Uranio enriquecido

| MANUEL-LUIS CASALDERREY |

OPINIÓN

EN LOS MEDIOS de comunicación aparecen, recurrentemente, noticias relacionadas con el uranio enriquecido. Primero fue Corea del Norte y ahora la India. La razón está en que el uranio enriquecido se usa como combustible en los reactores nucleares y también para fabricar bombas atómicas. Se llaman isótopos a los átomos que tienen el mismo número atómico (número de protones) y distinto número másico (suma de protones y neutrones). Se representan por el símbolo del elemento seguido del número másico. El uranio (U) que se encuentra en la naturaleza tiene, por término medio, más de un 99% del isótopo U-238 y sólo 0,07% de U-235. El U-238 no es fisionable. Por el contrario, el U-235 si es fisionable, es decir, se puede romper por medio de neutrones, dividiéndose en dos trozos de tamaño equivalente y liberando entre dos o tres neutrones que pueden romper a otros átomos de uranio y generar una reacción en cadena. Para que esta prospere se necesita una mínima cantidad de U-235, que es superior a la que tiene el uranio en la naturaleza. Para poder usar el U-235 en procesos de fisión, en reactores nucleares o en armas atómicas, es necesario incrementar la proporción de U-235 que existe en el uranio natural.
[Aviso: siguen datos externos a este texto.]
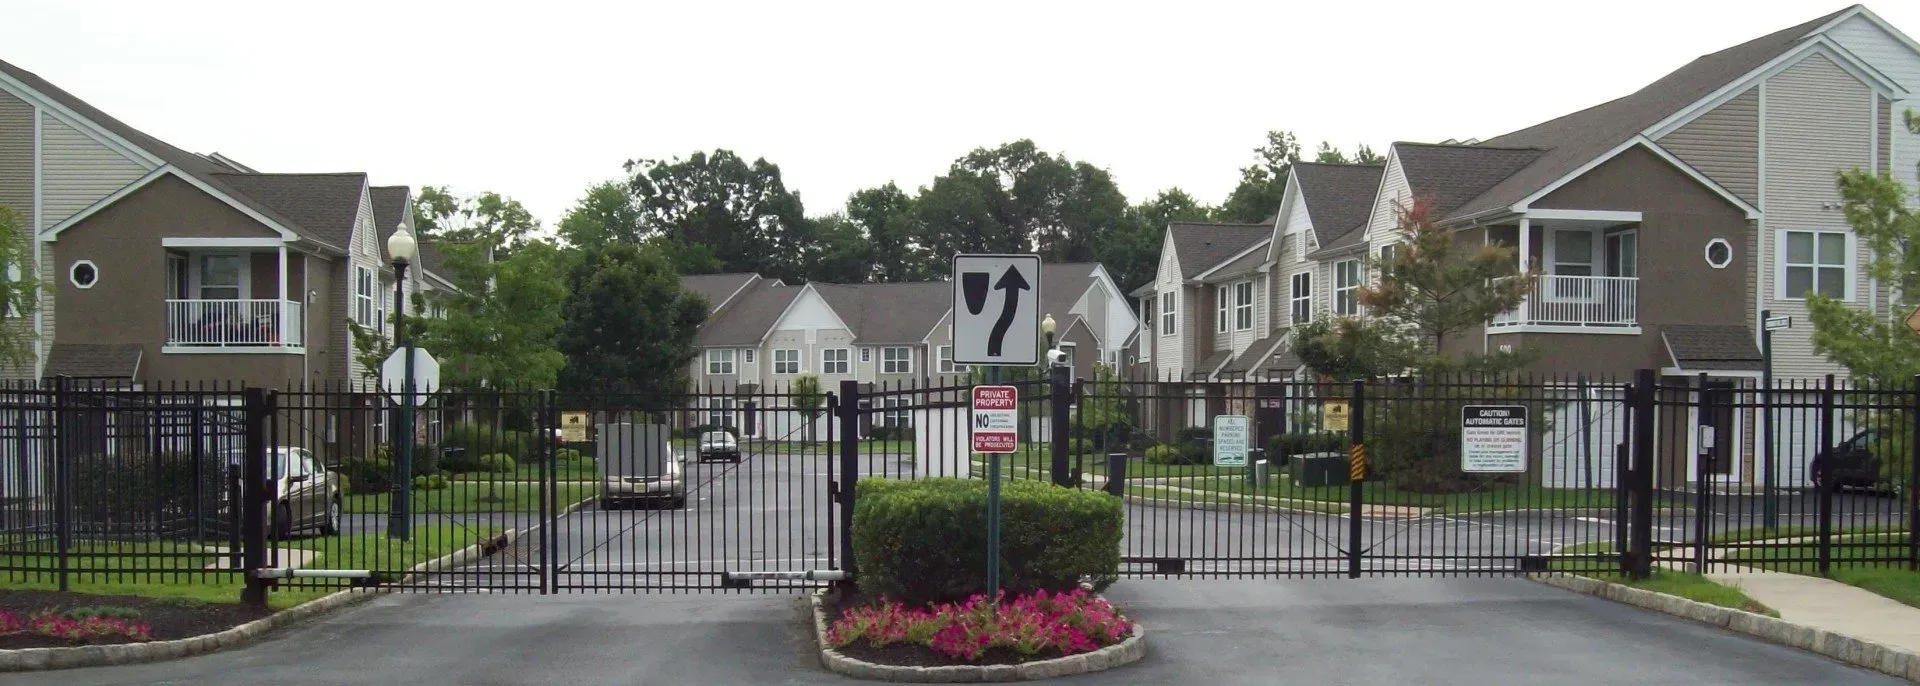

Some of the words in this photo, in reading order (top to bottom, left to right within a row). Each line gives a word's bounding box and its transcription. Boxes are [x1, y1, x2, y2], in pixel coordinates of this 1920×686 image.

El uranio enriquecido es el que tiene mayor proporción de U-235 que la que está presente en el uranio natural. El proceso de enriquecimiento se hace a partir del óxido de uranio extraído de las minas, que se convierte en hexafluoruro de uranio gas, que a su vez se somete a procesos de ultracentrifugación o de difusión gaseosa. Ambas técnicas aprovechan la ligera diferencia de masas entre el U-235 y U-238 para separar el uranio natural en dos fracciones: una con mayor contenido en U-235 (uranio enriquecido) y otra con menor contenido en U-235 (uranio empobrecido). De este último hablaremos en otra ocasión.